His other love, we are told, is space. The animating feature of this overgenerously apportioned documentary (two parts of 45 minutes each) is the question: can a trainspotter become an astronaut?
The answer, too obviously and from the very start of the film, is no. It becomes more and more likely that the makers were labouring under the delusion that to be a passionate geek is synonymous with being a savant. I mean, I get it. I’m an arts grad, too, and anyone who can look at an engine or a sum and make any kind of sense of it seems to me like a god as well. But as Bourgeois meets experts in various aspects of space exploration and we watch him fall flat on his face, sometimes literally, time and time again while he is put through some of the physical paces required of astronauts, the optimistic vibe begins to wear off. Bourgeois begins to look not like the enthusiastic amateur he is (a quality that should be protected at all costs and celebrated for its rarity), but like a young man who has been required by television’s strictures to bite off more than he can chew.
He is thrilled (please always mentally insert the word “genuinely” before any adjective describing him) to meet retired European Space Agency astronaut and Army Air Corps major Tim Peake, who went into space in 2015, at the RAF Centre of Aerospace Medicine, to see how well he withstands G-force. Bourgeois tells him he habitually loses vision if he stands up too quickly. You can see Peake deciding that discretion is the better part of valour as he straps his young charge into the centrifuge. Bourgeois duly passes out almost before he turns the ignition. Or whatever you do with a centrifuge. Like I said – arts grad.

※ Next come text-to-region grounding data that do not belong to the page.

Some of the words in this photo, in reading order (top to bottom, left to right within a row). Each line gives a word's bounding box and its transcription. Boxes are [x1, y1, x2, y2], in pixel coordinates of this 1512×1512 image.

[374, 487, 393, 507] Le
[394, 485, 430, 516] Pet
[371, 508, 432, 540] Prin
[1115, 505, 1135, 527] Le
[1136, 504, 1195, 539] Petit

On we go to the US, thanks to an invitation from commercial space flight company Axiom Space (currently building the space station that will take over from the ISS), where Bourgeois’ combination of innate literalness and dry British humour – impossible to tell where one leaves off and the other begins – leads to many awkward silences. Shown the hatch designed to accommodate a range of rocket passenger sizes, he tells his guide, former Axiom chief strategy officer Matt Ondler, that he is relieved because his head circumference at birth was in the 99th percentile. “Interesting,” Ondler murmurs, after a struggle.
At the American College of Hyperbaric Medicine they test his resistance to hypoxia, a condition that occurs when oxygen levels in body tissues are low (a risk to astronauts). It is … negligible. When he is taken on a zero-gravity flight he is violently sick. When his ability to respond to emergencies aboard a space station is tested, he panics and “kills” the pretend patient.

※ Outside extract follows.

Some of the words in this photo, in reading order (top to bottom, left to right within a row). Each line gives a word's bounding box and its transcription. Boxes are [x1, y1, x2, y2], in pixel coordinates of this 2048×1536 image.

And despite Bourgeois’s sanguine nature and wit, the overall effect – especially spread out over 90 minutes when it could easily have worked at half that – is depressing. There is an attempt to broaden the emotional appeal by considering what it is like for astronauts to leave family and friends behind, but this only results in an awkward encounter with a therapist in which Bourgeois talks about his cat and the therapist is clearly wondering what she’s doing there.
Things take a turn for the better in the last 15 minutes, when Bourgeois “discovers” space engineering and bonds instantly with the passionate geeks who build the stuff that will go into orbit. They talk of valves and revolutions and pressure (“It’s like you’re singing to me!” Bourgeois tells one delightedly), and you wish someone had had the courage to realise that the astronaut-dream stuff was not working and set him to investigate this instead. An enthusiastic amateur with an engineering degree and a gift for communication would have been great to watch. And there would have been no need for a cringe-makingly lyrical voiceover delivered with exhausting brio by Sir Stephen Fry top-and-tailing the programme, either. I hope we see Bourgeois better used in future.